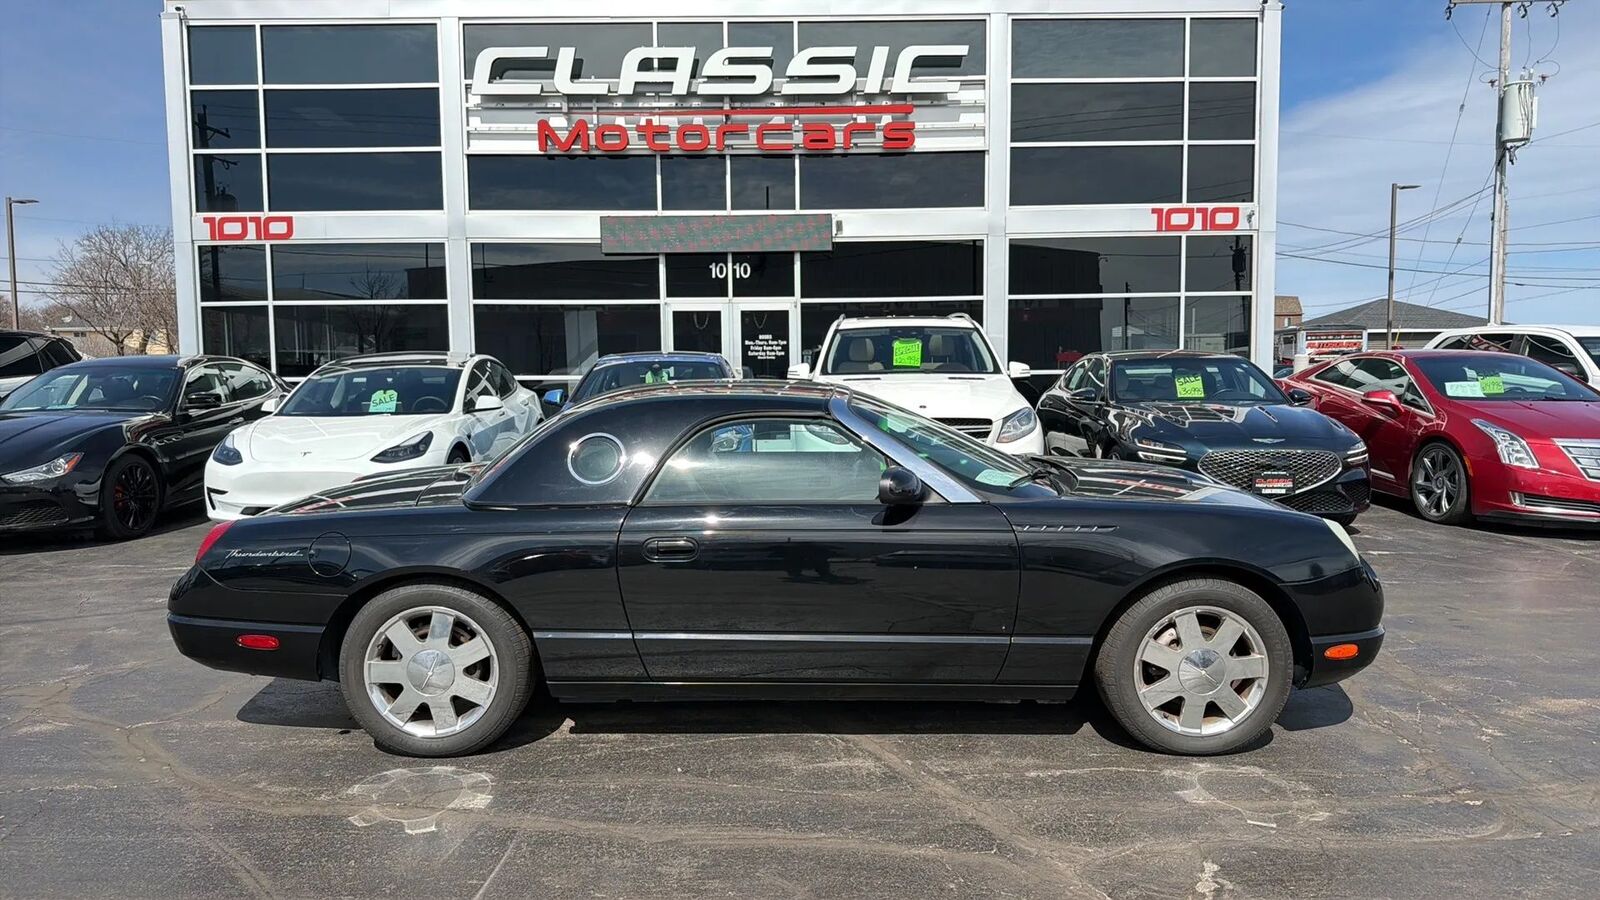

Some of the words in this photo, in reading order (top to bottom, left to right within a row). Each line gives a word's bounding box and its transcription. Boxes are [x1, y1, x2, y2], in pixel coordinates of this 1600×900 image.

[471, 45, 970, 95] CLASSIC
[537, 118, 916, 152] Motorcars
[203, 216, 293, 240] 1010
[1151, 207, 1240, 232] 1010
[1177, 374, 1201, 386] SALE
[372, 393, 396, 408] SALE
[224, 549, 304, 560] Thunderbird
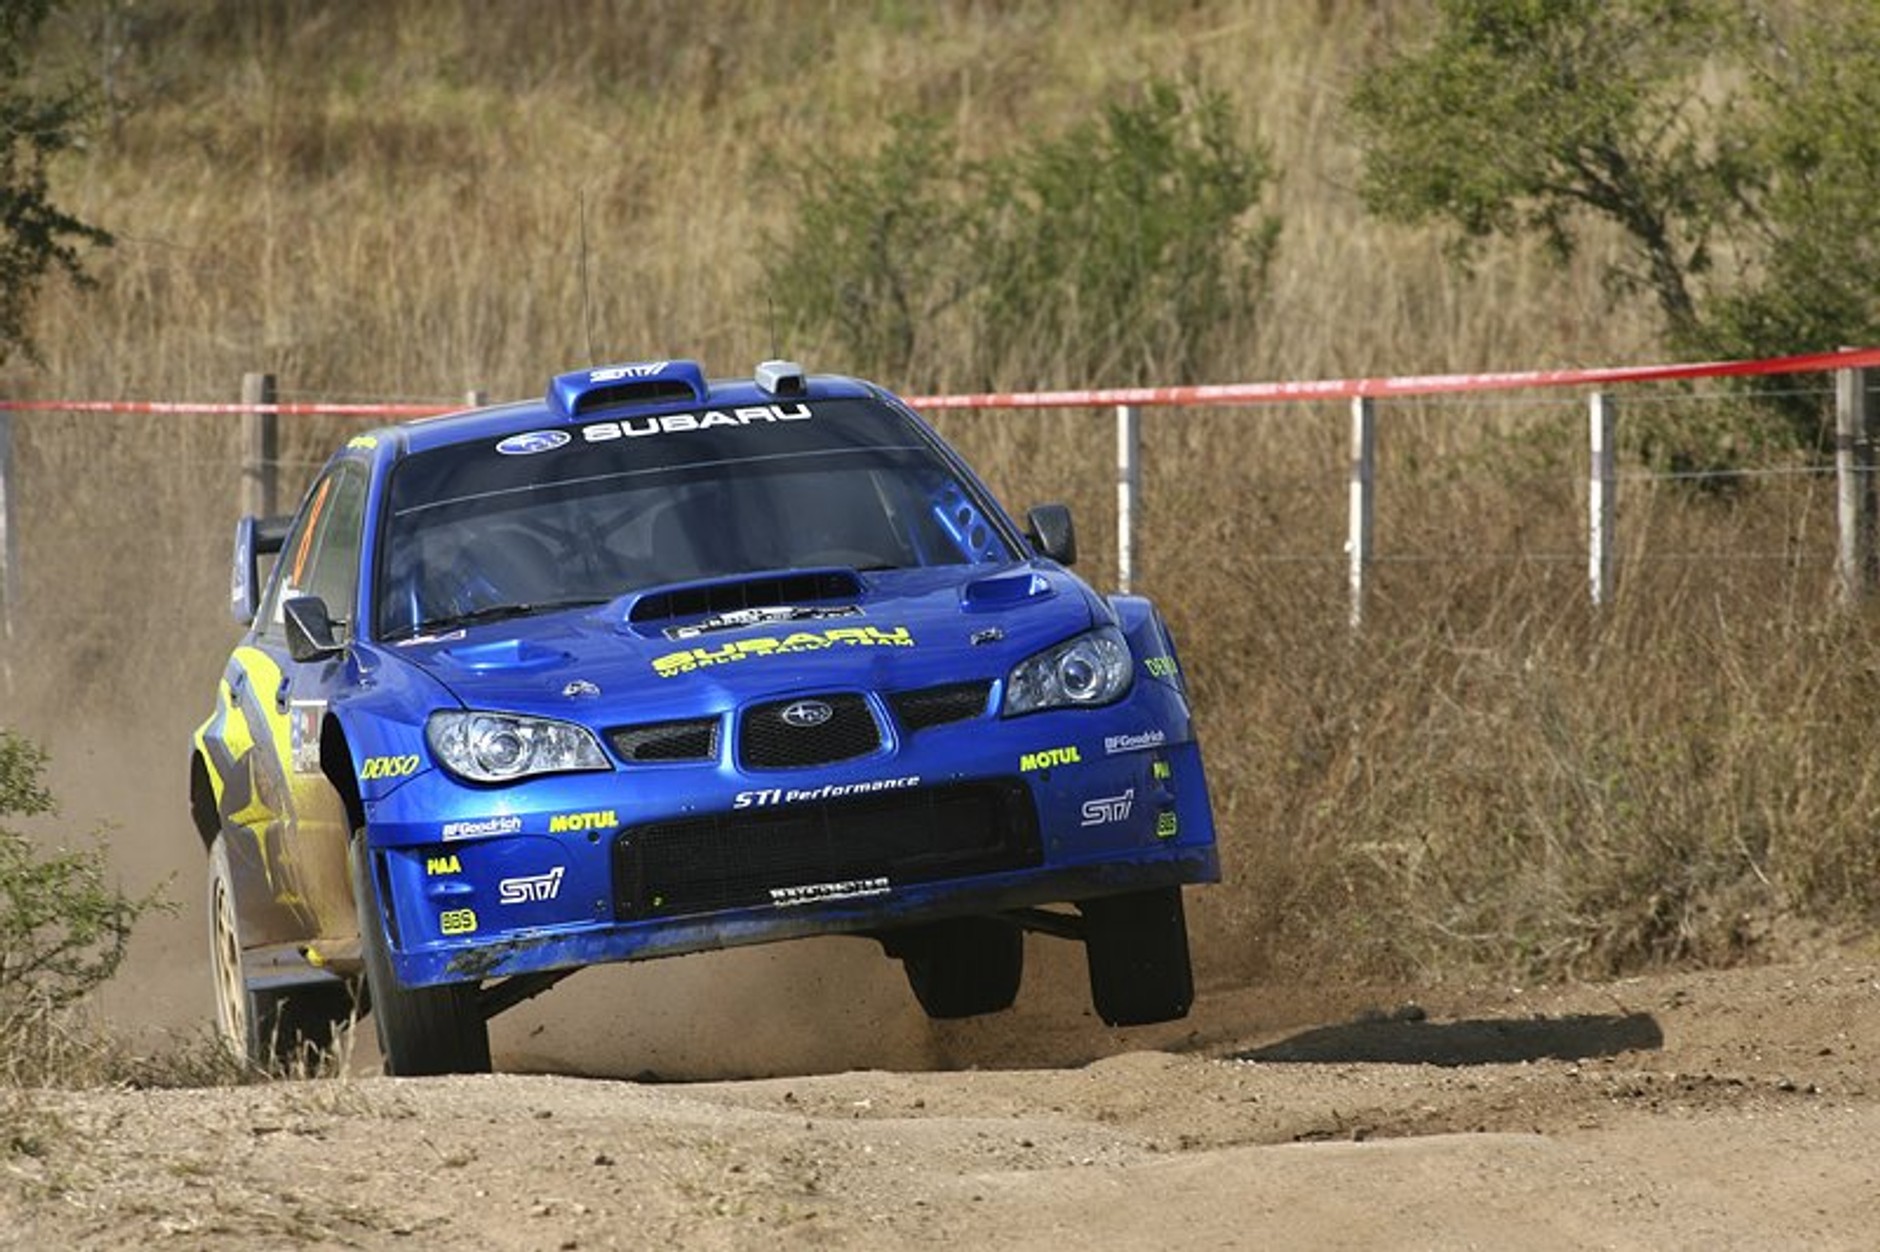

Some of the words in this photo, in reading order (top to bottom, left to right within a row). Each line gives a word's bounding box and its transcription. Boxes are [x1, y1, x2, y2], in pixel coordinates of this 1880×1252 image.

[582, 404, 812, 442] SUBARU
[652, 626, 909, 672] SUBARU
[658, 652, 746, 677] WORLD
[1104, 730, 1165, 755] BFGoodrich
[360, 755, 419, 779] DENSO
[1019, 746, 1081, 772] MOTUL
[733, 789, 782, 809] STI
[785, 775, 920, 803] Performance
[442, 816, 522, 842] BFGoodrich
[549, 811, 618, 832] MOTUL

== TASK STATEMENT ==
Retype each line above precisely, please. Skip anything that is a picture.

== ANSWER TO THE PROBLEM ==
Some of the words in this photo, in reading order (top to bottom, left to right within a row). Each line gives a word's bounding box and its transcription. Boxes are [x1, y1, x2, y2], in pixel coordinates of this 1600×900 image.

[471, 45, 970, 95] CLASSIC
[537, 118, 916, 152] Motorcars
[203, 216, 293, 240] 1010
[1151, 207, 1240, 232] 1010
[1177, 374, 1201, 386] SALE
[372, 393, 396, 408] SALE
[224, 549, 304, 560] Thunderbird

Some of the words in this photo, in reading order (top to bottom, left to right within a row). Each line gives a word's bounding box and its transcription. Boxes are [x1, y1, x2, y2], in pixel coordinates of this 1880×1252 image.

[582, 404, 812, 442] SUBARU
[652, 626, 909, 672] SUBARU
[658, 652, 746, 677] WORLD
[1104, 730, 1165, 755] BFGoodrich
[360, 755, 419, 779] DENSO
[1019, 746, 1081, 772] MOTUL
[733, 789, 782, 809] STI
[785, 775, 920, 803] Performance
[442, 816, 522, 842] BFGoodrich
[549, 811, 618, 832] MOTUL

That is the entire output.